A monopoly would also have to be careful not to damage its image, seeing that is, in many cases, already is unpopular. Capital, on the other hand, is often to the benefit of a monopoly, since they produce at a large scale. To fully utilize capital, a lot of labour is needed, labour which a monopoly is expected to have, and a smaller competitive firm may lack. For example, a blast furnace might need a crew of 24 men working night and day, to fully utilize it. The monopolizing company may be able to provide the men, but the smaller firm might not have the money to hire all the 24 men at night, seeing wages are much higher at then. The question then is if the competitive company is so much more efficient due to hard work, that they still can produce more than the monopoly.
When it comes to labour, it is obvious that a competitive industry will strive to utilize the workers at a maximum level, due to the desire of minimizing costs, and workers will in general be very efficient due the reasons mentioned above. The workers in a monopoly, often loose the feeling, that their work makes a difference in the firm, making it hard for managers to fully utilize the them. In my opinion, the characteristics described above are not as valid any more. Companies, which enjoyed monopoly status in the beginning of the 80’s, like IBM, are now realizing that nothing lasts forever, and they have be innovative, even if the competition is not a great threat. Bill Gates, owner of MicroSoft, has very admirable policies concerning this.

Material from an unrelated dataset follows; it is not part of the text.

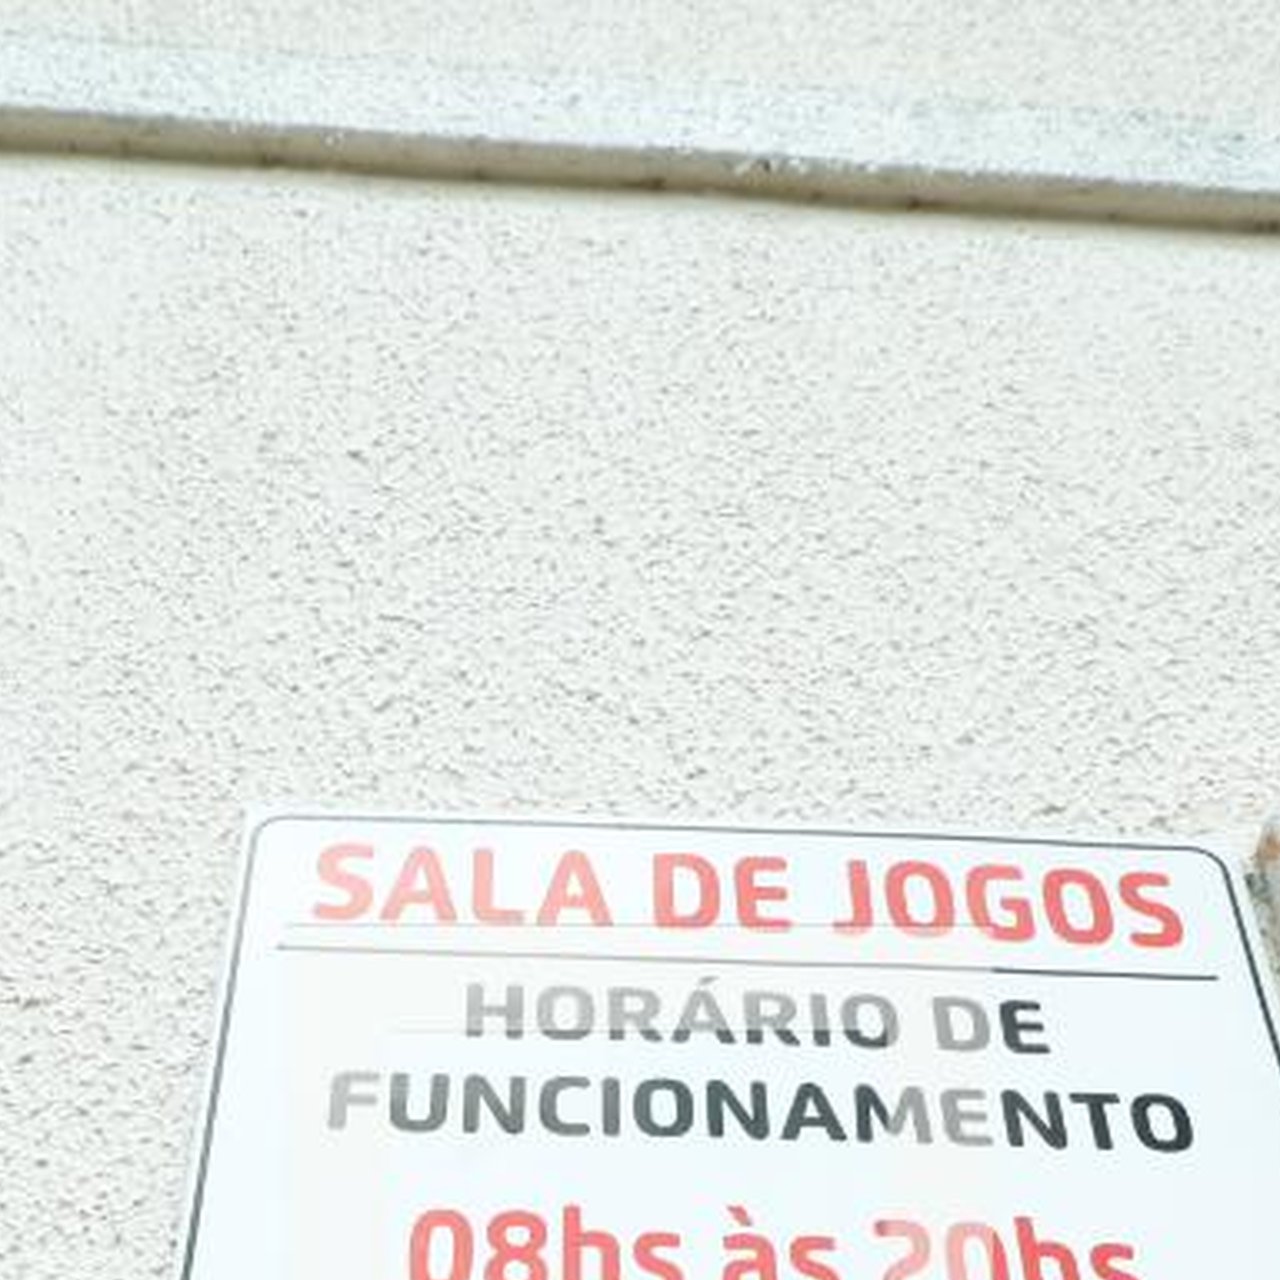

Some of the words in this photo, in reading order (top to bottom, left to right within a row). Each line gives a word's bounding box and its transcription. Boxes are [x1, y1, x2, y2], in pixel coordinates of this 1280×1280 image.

His firm is not a monopoly, but it is definably a cutting-edge firm, which is shaping the future. One rule he has, is that every six months the bottom five percent of the company’s workforce (in terms of performance) get fired. It is his goal to make his own products obsolete, not letting others do it, and it seems he is achieving that goal. Allocating resources in monopoly does not have to be worsening, but times change and so must management.